[Saved entries]
**********

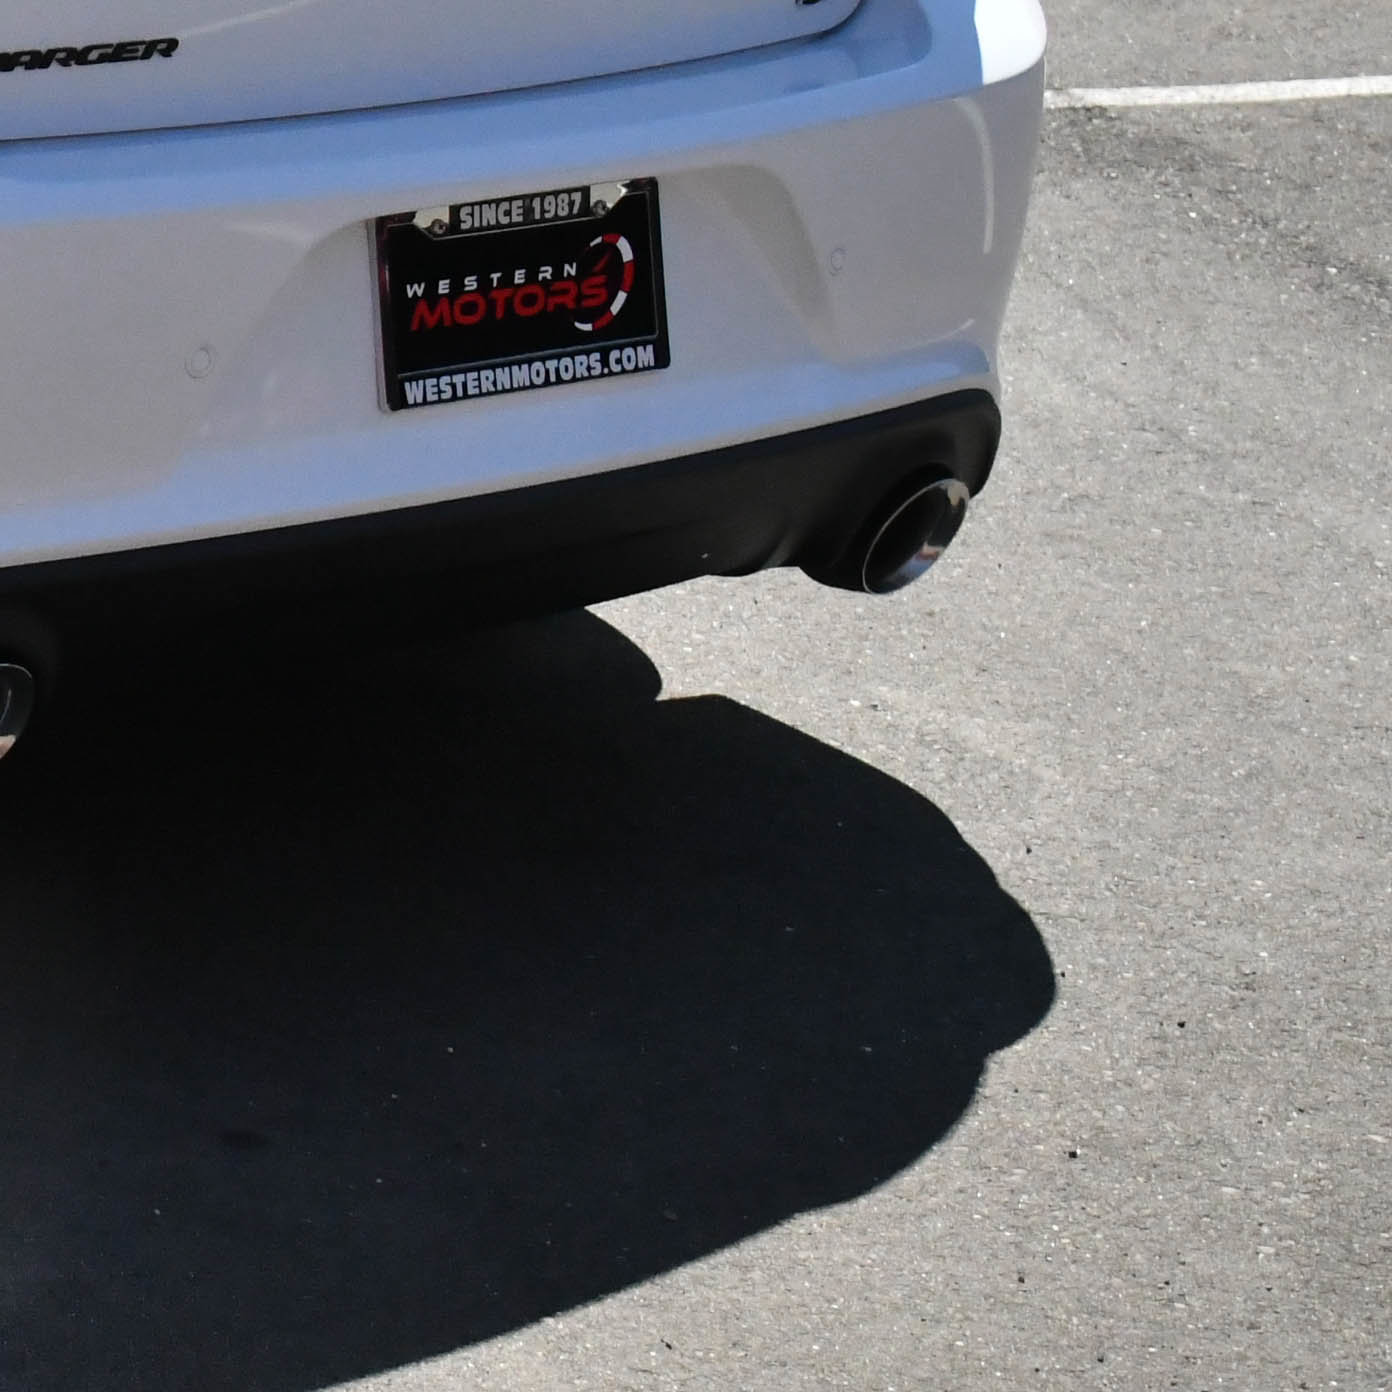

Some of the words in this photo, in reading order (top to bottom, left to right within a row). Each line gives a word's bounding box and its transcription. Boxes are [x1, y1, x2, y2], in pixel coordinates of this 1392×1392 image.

[459, 199, 523, 230] SINCE
[532, 191, 582, 219] 1987
[406, 262, 577, 298] WESTERN
[410, 274, 609, 331] MOTORS
[404, 344, 655, 405] WESTERNMOTORS.COM
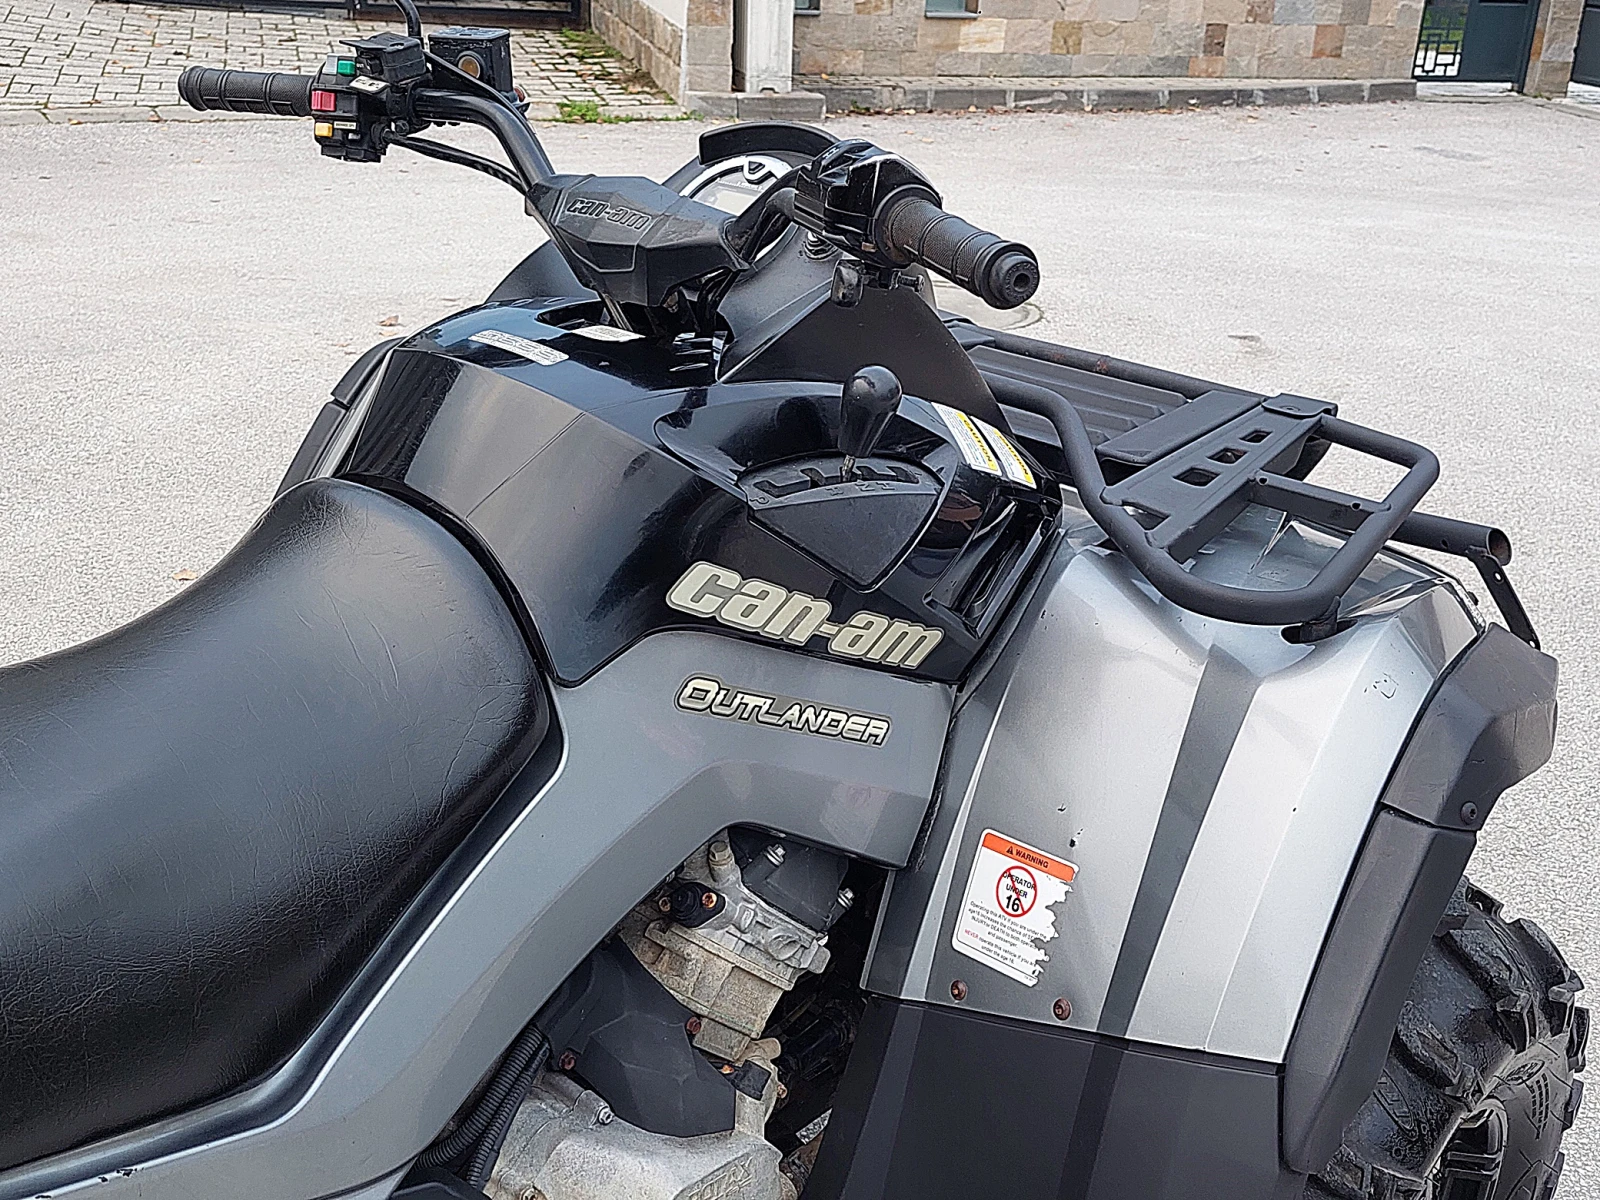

**********

#### Exercise aim:
Leave out the pictures and output every record above precisely as given.

#### Expected output:
Some of the words in this photo, in reading order (top to bottom, left to right within a row). Each line gives a word's bounding box and its transcription. Boxes are [x1, y1, x2, y2], in pixel coordinates of this 1392×1392 image.

[459, 199, 523, 230] SINCE
[532, 191, 582, 219] 1987
[406, 262, 577, 298] WESTERN
[410, 274, 609, 331] MOTORS
[404, 344, 655, 405] WESTERNMOTORS.COM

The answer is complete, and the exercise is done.